Based on existing literature, we hypothesised that the frequency and duration of maternal and paternal speech, as well as infant-directed and mind-minded speech and positive emotional tone will decrease, while the frequency and duration of negative and neutral emotional tone will increase in the context of parental depression. Our findings did not fully support these hypotheses. As hypothesised, there was evidence that as maternal PND increased, the frequency of maternal neutral tone decreased. We found no evidence for an association between paternal PND and use of a neutral tone. However, contrary to our original hypotheses, higher levels of maternal and paternal PND were associated with increased duration of parental positive tone, encouragement and laughter, all of which may be vocal proxies for more positive and sensitive interactions. Similarly, we found evidence to suggest that higher levels of paternal PND were also associated with increased duration of paternal speech, as well as infant-directed speech and questions, which may be suggestive of more infant-centred interactions.
Several explanations may be put forward to contextualise our findings. Existing research suggests that fathers with clinical levels of depression may engage in less positive parenting practices, and other enriching language activities with the child such as reading, singing songs and telling stories (90). However, effects of paternal PND on parenting, including vocalisation behaviours, may be more subtle in community samples with relatively mild levels of depression (91), and may not necessarily present themselves as overtly negative vocalisations (overall rare in our sample). Both neutral and positive tone were a predominant feature of maternal and paternal speech, whilst negative tone was rare with only 4% of fathers and 5% of mothers using a negative tone.
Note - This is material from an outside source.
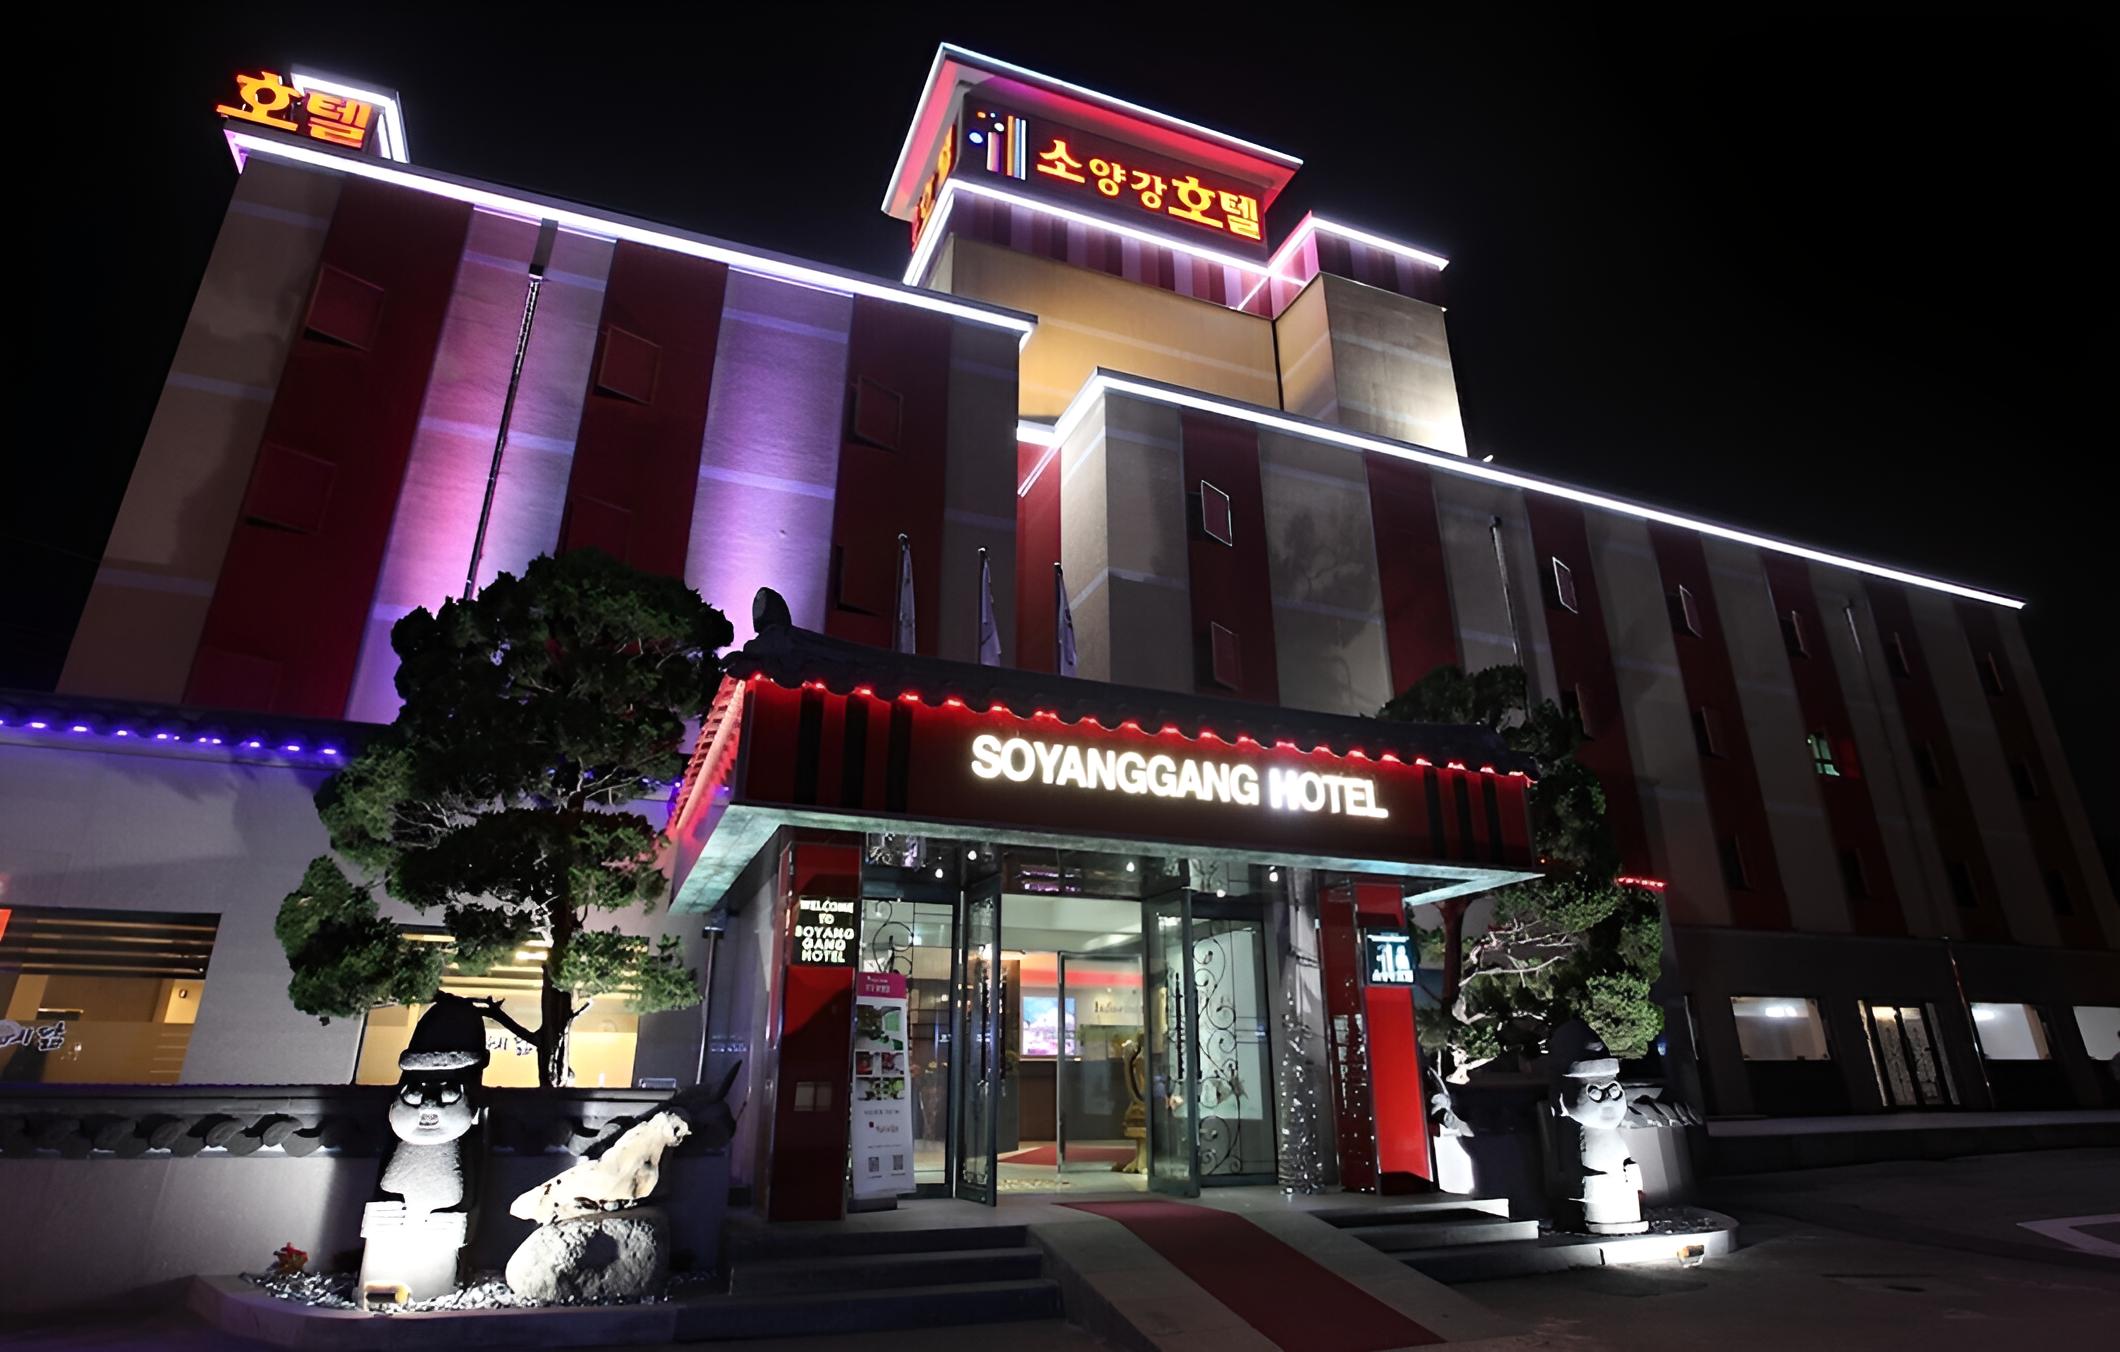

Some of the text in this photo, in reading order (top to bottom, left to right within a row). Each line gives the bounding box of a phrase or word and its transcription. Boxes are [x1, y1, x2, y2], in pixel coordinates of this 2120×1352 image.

It may be that there was more variability in neutral and positive tone vocalisations to detect effects associated with parental PND, with the opposite true for the negative parental tone. It is also possible that those parents who experience mild levels of PND have more emotional insight and empathy, and, thus, engage in more sensitive parenting, including vocalisation behaviours. It is possible that parents with increased PND try to compensate for their low mood by speaking in a positive tone, and their tone may not reflect genuine positive emotion. It is possible that more global qualitative coding such as the Emotional Availability Scales which capture an overall emotional tone would find differential results and this would be an interesting future direction to test this hypothesis. In addition, the focus of our analyses was the associations between parental PND and the frequency and duration of parental vocalisation behaviours, but sequences and patterns of behaviours may better capture patterns of expressed depressed mood.
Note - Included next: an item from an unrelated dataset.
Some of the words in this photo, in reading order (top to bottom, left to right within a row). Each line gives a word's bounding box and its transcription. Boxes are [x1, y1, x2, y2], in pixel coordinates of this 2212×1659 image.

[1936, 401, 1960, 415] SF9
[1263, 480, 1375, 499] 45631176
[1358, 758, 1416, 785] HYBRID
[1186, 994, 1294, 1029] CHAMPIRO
Another contextual framework to explain our findings may be the changing nature of beliefs and attitudes surrounding contemporary parenting practices. Sociological literature has meticulously documented changes in parenting that occurred in the last forty years (92). The phenomenon of intensive or hyper-parenting (93), a highly demanding and child-centred approach to parenting, which includes heightened parental awareness of the adverse consequences of “bad parenting” ranging from poor educational to developmental outcomes (93, 94). Consequently, the process of raising a child through “concerted cultivation” (95) and attentive parenting may offer a way of mitigating the risks (94), including those associated with adverse parental mental health [for the critique and contested nature of such parenting practices see (96–99)]. Although the term “parenting” may be gender-neutral, the lens of intensive parenting has been predominantly focused on mothers as the primary agents responsible for shaping child outcomes (98, 100). However, the expectation that fathers should also be involved in parenting and childcare has also become prevailing in contemporary society (101, 102), with the demands of intensive parenting, albeit not to the same degree as mothers (101, 103), also extending to men. Intensive parenting is embedded in middle-class values (104), with “concerted cultivation” made possible through higher levels of financial and educational resources, with higher parental socio-economic status being consistently associated with more positive and consistent parenting styles and practices (105). Based on this evidence, it may be possible that both mothers and fathers in our study modified their vocalisation behaviours in line with their knowledge of the effects of mental health on parenting and the child, or there were more likely to engage in attentive and child-centred parenting in line with contemporary assumptions on what it means to be a “good” parent. Future longitudinal research with larger samples is needed to corroborate our findings regarding parental depression and vocalisation behaviours, particularly in the context of beliefs and expectations surrounding contemporary parenting practices.
Strengths and limitations
One of the strengths of the study is the assessment of both maternal and paternal PND and vocalisation behaviours in early infancy. Most of the research to date has focused on maternal PND and its impact on parenting (2), with only a few studies addressing the impact of paternal PND on vocalisation behaviours during father-infant interactions. This approach continues to perpetuate a potentially problematic stance in developmental psychology, placing the mother-infant relationship at the cornerstone of human development. Similarly to mothers, features of father-infant vocalisation interactions may also constitute a transmission pathway by which paternal PND impacts the child. This argument is in line with the recently articulated stance to consider both maternal and paternal mental health from a family system perspective for both research and intervention purposes (106). Our comparisons of maternal and paternal vocalisation behaviours suggest that there are more similarities than differences between maternal and paternal vocal interactions with the infant, with comparative effects of parental PND on some aspects of vocalisation behaviours.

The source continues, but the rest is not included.